Con Ángel Fierro hemos tenido la ocasión de «torear» en algunas plazas de los pueblos de la montaña leonesa, llevando poesía o música allí donde quisieran recibirlas. Él las conoce todas, y la labor etnográfica y de recuperación del patrimonio que viene realizando en los pagos de los antiguos Argüellos, con especial atención a los valles definidos por los cursos de los ríos Torío y Curueño, sin descuidar su creación poética, tiene un valor incalculable desde mi punto de vista: más pronto que tarde, desgraciadamente, serán el único testimonio y memoria de este trozo nuestro de la España abandonada y obligada a asistir a su propio entierro. Con su alma de poeta-poeta, fatigando los archivos y echándose a los caminos, investiga, entrevista y fotografía. Rescata los restos del naufragio de unos modos de vida en los que no existía ruptura entre el hombre y su entorno. Hace el paciente inventario que al menos ha de salvar el recuerdo de un mundo rural que se desvanece. Erige un museo contra el olvido con el último aliento exhalado por una época que no se merecía tantísima injusticia.

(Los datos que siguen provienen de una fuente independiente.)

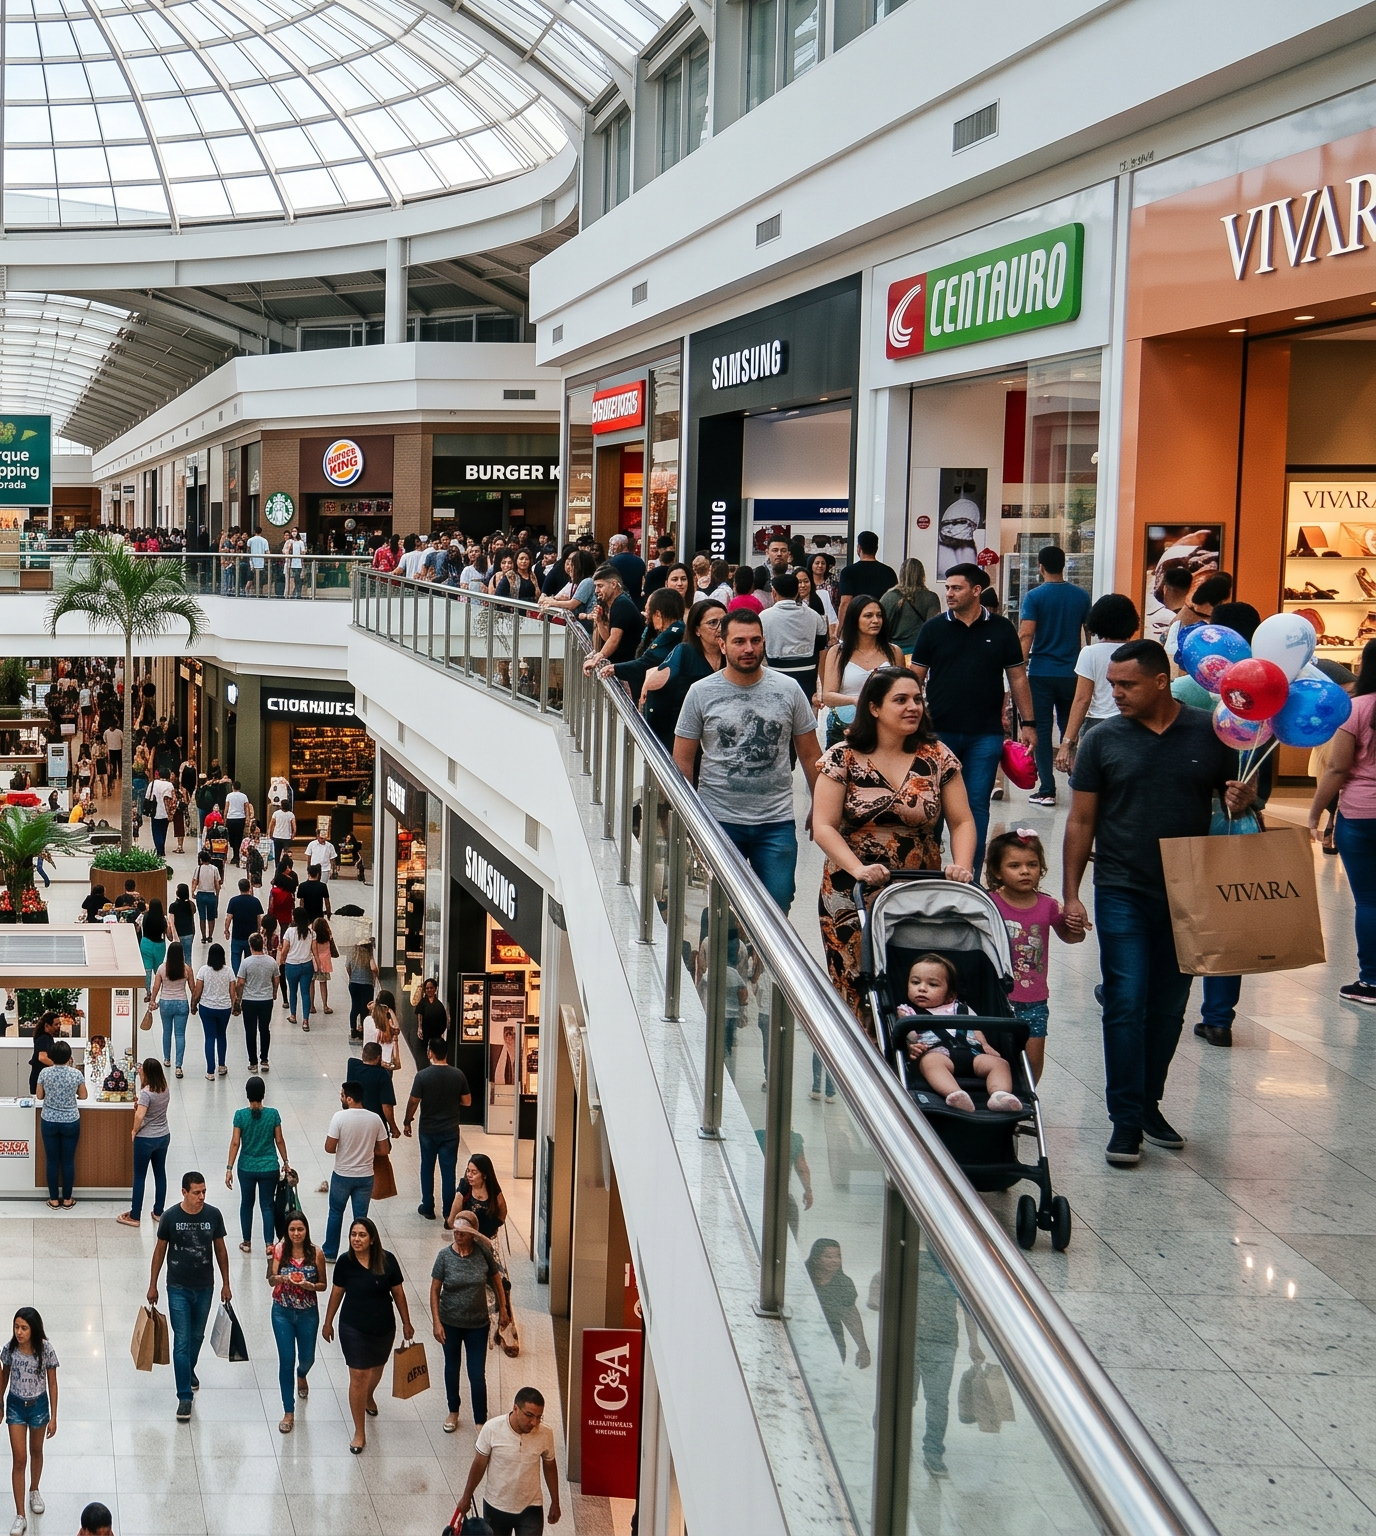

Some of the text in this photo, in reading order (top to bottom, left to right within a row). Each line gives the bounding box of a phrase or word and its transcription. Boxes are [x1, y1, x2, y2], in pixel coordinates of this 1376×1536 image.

[929, 241, 1067, 337] CENTAURO
[712, 340, 781, 390] SAMSUNG
[329, 455, 358, 476] KING
[465, 465, 544, 480] BURGER
[465, 845, 516, 921] SAMSUNG
[1216, 880, 1301, 902] VIVARA
[593, 1343, 630, 1411] C&A
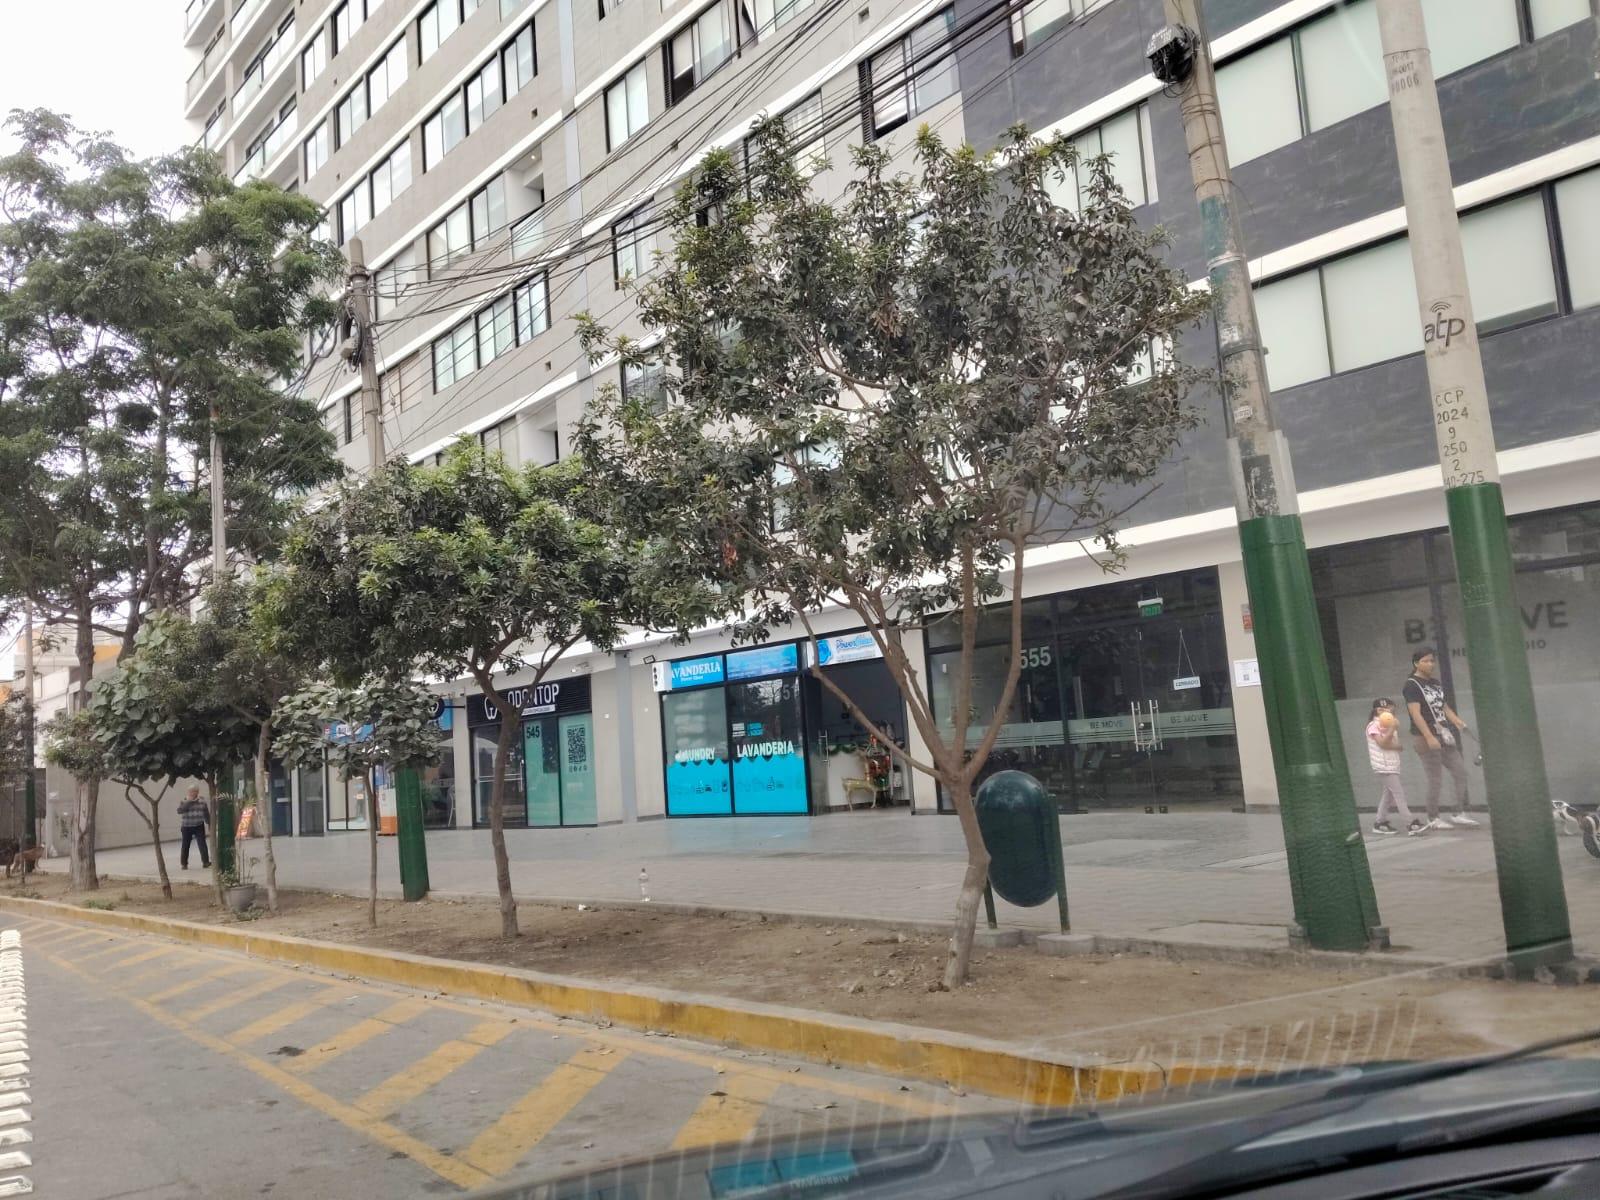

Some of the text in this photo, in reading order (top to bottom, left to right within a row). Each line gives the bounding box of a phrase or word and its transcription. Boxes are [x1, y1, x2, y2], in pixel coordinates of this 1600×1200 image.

[1424, 312, 1465, 347] atp
[1435, 389, 1463, 407] CCP
[1436, 406, 1469, 424] 2024
[1448, 427, 1456, 439] 9
[1443, 441, 1468, 457] 250
[1452, 459, 1461, 471] 2
[1520, 600, 1569, 630] VE
[1020, 646, 1051, 669] 555
[672, 661, 721, 679] AVANDERIA
[526, 726, 540, 738] 545
[675, 747, 715, 761] AUNDRY
[736, 740, 794, 758] LAVANDERIA
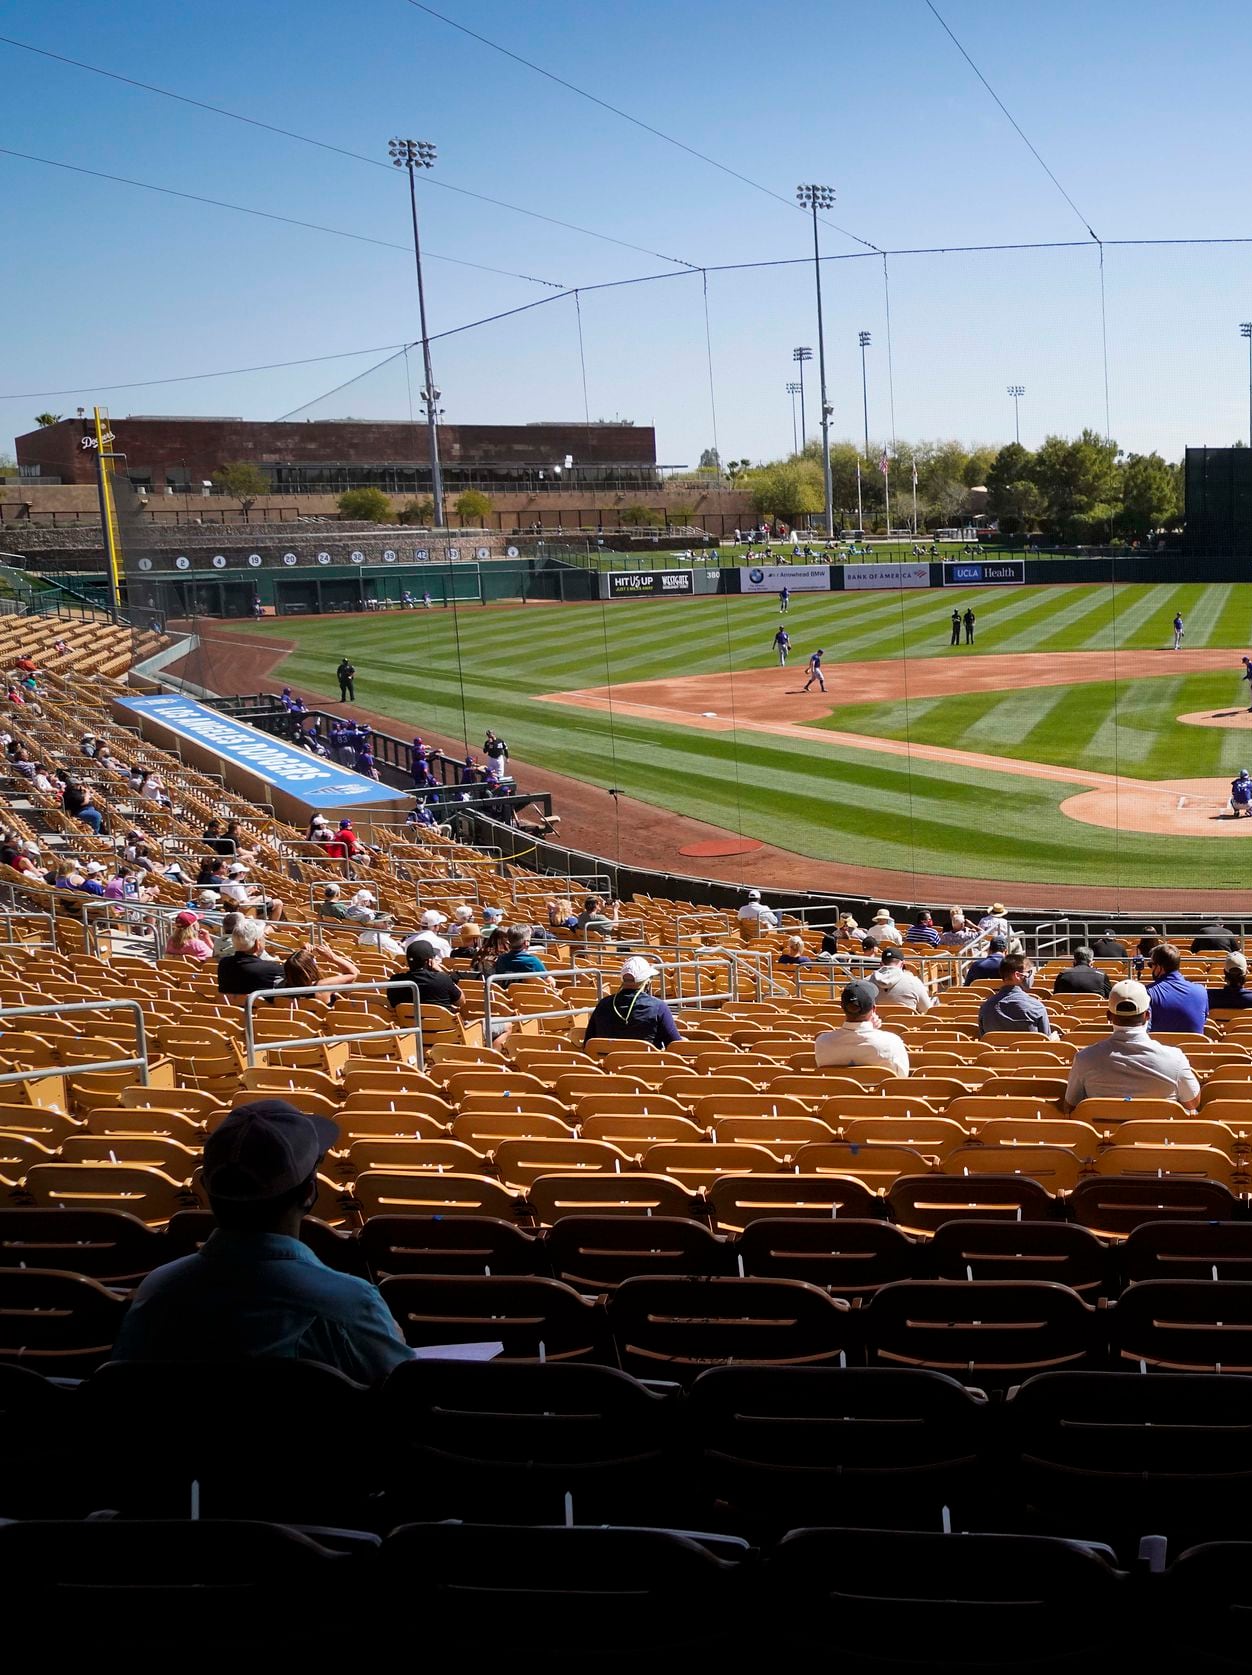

Para terminar estas personales memorias de memoria sobre los miembros de Claraboya, no querría dejar de incidir en un asunto que ya apunté en mi colaboración en el libro Claraboya y sus amigos. Es corriente atribuir el cierre de la revista, decretado en 1968 por el ministro de Información y Turismo Manuel Fraga Iribarne en una visita a León, al poema de José Antonio Llamas «No amanece», pero uno piensa que la causa —aunque aquel fuera el detonante, la excusa— no fue estrictamente esa alusión al himno de la Falange, puesto que, años antes incluso del primer número de la revista leonesa, la Diputación de Murcia había premiado y publicado un poemario de Salvador Pérez Valiente con el mismo título y no se produjeron represalias. Allí avanzaba algo en lo que cada vez tengo más convicción: la razón más bien serían las envidias provincianas y los rencores concretos de algún leonés bien colocado en la lista de los afectos al régimen… Una mano anónima, tenaz y vengativa, que bien está sumida en el olvido y además no importa.